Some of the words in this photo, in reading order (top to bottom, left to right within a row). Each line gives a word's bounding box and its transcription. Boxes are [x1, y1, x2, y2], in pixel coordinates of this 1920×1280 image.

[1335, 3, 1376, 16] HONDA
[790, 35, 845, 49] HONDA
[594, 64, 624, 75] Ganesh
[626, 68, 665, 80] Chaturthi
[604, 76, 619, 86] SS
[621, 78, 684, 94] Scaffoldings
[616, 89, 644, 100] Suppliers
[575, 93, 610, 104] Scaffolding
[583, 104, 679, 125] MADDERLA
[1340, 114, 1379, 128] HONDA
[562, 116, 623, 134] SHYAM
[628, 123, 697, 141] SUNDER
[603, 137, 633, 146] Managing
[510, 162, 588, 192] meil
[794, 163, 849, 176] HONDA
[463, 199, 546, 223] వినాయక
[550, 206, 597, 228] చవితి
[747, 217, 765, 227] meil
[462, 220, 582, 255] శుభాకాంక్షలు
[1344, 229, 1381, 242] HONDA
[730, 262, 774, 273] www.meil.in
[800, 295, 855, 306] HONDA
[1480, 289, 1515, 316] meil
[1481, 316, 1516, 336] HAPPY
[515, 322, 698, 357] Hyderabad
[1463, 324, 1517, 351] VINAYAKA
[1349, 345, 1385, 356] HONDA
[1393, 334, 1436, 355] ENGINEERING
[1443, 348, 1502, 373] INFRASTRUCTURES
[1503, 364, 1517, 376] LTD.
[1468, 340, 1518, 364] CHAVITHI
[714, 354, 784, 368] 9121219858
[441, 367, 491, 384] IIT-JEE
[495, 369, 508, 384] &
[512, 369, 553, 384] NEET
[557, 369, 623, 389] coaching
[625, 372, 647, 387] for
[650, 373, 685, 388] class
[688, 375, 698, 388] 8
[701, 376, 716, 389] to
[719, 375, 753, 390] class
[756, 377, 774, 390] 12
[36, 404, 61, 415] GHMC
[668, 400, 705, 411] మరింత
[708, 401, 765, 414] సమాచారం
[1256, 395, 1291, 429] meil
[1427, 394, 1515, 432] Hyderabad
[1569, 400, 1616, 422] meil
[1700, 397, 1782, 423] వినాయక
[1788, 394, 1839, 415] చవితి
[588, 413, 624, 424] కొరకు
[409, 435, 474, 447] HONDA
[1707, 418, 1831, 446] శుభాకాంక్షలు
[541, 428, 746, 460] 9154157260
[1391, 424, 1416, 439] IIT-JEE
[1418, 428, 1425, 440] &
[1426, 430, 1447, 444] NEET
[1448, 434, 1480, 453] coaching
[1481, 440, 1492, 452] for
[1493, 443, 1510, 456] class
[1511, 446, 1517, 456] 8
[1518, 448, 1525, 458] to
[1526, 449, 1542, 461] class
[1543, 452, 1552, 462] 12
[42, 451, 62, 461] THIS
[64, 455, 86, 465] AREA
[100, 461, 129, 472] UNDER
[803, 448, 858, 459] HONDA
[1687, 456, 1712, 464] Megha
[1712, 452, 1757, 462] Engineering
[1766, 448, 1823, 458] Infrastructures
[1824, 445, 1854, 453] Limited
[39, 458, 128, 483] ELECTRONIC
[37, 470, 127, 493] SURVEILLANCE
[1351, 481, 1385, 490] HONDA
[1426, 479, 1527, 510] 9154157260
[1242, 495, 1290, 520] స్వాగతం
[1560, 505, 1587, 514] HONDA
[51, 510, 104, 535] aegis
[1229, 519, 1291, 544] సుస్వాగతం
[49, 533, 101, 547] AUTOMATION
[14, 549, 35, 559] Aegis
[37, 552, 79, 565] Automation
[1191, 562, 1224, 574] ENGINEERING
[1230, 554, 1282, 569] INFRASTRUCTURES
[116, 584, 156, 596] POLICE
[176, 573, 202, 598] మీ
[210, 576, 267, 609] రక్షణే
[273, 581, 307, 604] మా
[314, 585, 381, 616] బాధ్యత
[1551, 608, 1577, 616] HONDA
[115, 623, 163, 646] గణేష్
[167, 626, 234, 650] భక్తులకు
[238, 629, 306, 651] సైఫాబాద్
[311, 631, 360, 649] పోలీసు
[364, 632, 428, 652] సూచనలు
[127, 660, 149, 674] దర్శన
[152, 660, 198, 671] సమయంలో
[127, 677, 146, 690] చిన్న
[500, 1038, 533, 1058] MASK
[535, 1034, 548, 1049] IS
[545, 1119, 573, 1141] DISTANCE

YOUR ASSIGNMENT: Please transcribe the material above in full, keeping every character intact.

RESULT:
Some of the words in this photo, in reading order (top to bottom, left to right within a row). Each line gives a word's bounding box and its transcription. Boxes are [x1, y1, x2, y2], in pixel coordinates of this 1920×1280 image.

[1335, 3, 1376, 16] HONDA
[790, 35, 845, 49] HONDA
[594, 64, 624, 75] Ganesh
[626, 68, 665, 80] Chaturthi
[604, 76, 619, 86] SS
[621, 78, 684, 94] Scaffoldings
[616, 89, 644, 100] Suppliers
[575, 93, 610, 104] Scaffolding
[583, 104, 679, 125] MADDERLA
[1340, 114, 1379, 128] HONDA
[562, 116, 623, 134] SHYAM
[628, 123, 697, 141] SUNDER
[603, 137, 633, 146] Managing
[510, 162, 588, 192] meil
[794, 163, 849, 176] HONDA
[463, 199, 546, 223] వినాయక
[550, 206, 597, 228] చవితి
[747, 217, 765, 227] meil
[462, 220, 582, 255] శుభాకాంక్షలు
[1344, 229, 1381, 242] HONDA
[730, 262, 774, 273] www.meil.in
[800, 295, 855, 306] HONDA
[1480, 289, 1515, 316] meil
[1481, 316, 1516, 336] HAPPY
[515, 322, 698, 357] Hyderabad
[1463, 324, 1517, 351] VINAYAKA
[1349, 345, 1385, 356] HONDA
[1393, 334, 1436, 355] ENGINEERING
[1443, 348, 1502, 373] INFRASTRUCTURES
[1503, 364, 1517, 376] LTD.
[1468, 340, 1518, 364] CHAVITHI
[714, 354, 784, 368] 9121219858
[441, 367, 491, 384] IIT-JEE
[495, 369, 508, 384] &
[512, 369, 553, 384] NEET
[557, 369, 623, 389] coaching
[625, 372, 647, 387] for
[650, 373, 685, 388] class
[688, 375, 698, 388] 8
[701, 376, 716, 389] to
[719, 375, 753, 390] class
[756, 377, 774, 390] 12
[36, 404, 61, 415] GHMC
[668, 400, 705, 411] మరింత
[708, 401, 765, 414] సమాచారం
[1256, 395, 1291, 429] meil
[1427, 394, 1515, 432] Hyderabad
[1569, 400, 1616, 422] meil
[1700, 397, 1782, 423] వినాయక
[1788, 394, 1839, 415] చవితి
[588, 413, 624, 424] కొరకు
[409, 435, 474, 447] HONDA
[1707, 418, 1831, 446] శుభాకాంక్షలు
[541, 428, 746, 460] 9154157260
[1391, 424, 1416, 439] IIT-JEE
[1418, 428, 1425, 440] &
[1426, 430, 1447, 444] NEET
[1448, 434, 1480, 453] coaching
[1481, 440, 1492, 452] for
[1493, 443, 1510, 456] class
[1511, 446, 1517, 456] 8
[1518, 448, 1525, 458] to
[1526, 449, 1542, 461] class
[1543, 452, 1552, 462] 12
[42, 451, 62, 461] THIS
[64, 455, 86, 465] AREA
[100, 461, 129, 472] UNDER
[803, 448, 858, 459] HONDA
[1687, 456, 1712, 464] Megha
[1712, 452, 1757, 462] Engineering
[1766, 448, 1823, 458] Infrastructures
[1824, 445, 1854, 453] Limited
[39, 458, 128, 483] ELECTRONIC
[37, 470, 127, 493] SURVEILLANCE
[1351, 481, 1385, 490] HONDA
[1426, 479, 1527, 510] 9154157260
[1242, 495, 1290, 520] స్వాగతం
[1560, 505, 1587, 514] HONDA
[51, 510, 104, 535] aegis
[1229, 519, 1291, 544] సుస్వాగతం
[49, 533, 101, 547] AUTOMATION
[14, 549, 35, 559] Aegis
[37, 552, 79, 565] Automation
[1191, 562, 1224, 574] ENGINEERING
[1230, 554, 1282, 569] INFRASTRUCTURES
[116, 584, 156, 596] POLICE
[176, 573, 202, 598] మీ
[210, 576, 267, 609] రక్షణే
[273, 581, 307, 604] మా
[314, 585, 381, 616] బాధ్యత
[1551, 608, 1577, 616] HONDA
[115, 623, 163, 646] గణేష్
[167, 626, 234, 650] భక్తులకు
[238, 629, 306, 651] సైఫాబాద్
[311, 631, 360, 649] పోలీసు
[364, 632, 428, 652] సూచనలు
[127, 660, 149, 674] దర్శన
[152, 660, 198, 671] సమయంలో
[127, 677, 146, 690] చిన్న
[500, 1038, 533, 1058] MASK
[535, 1034, 548, 1049] IS
[545, 1119, 573, 1141] DISTANCE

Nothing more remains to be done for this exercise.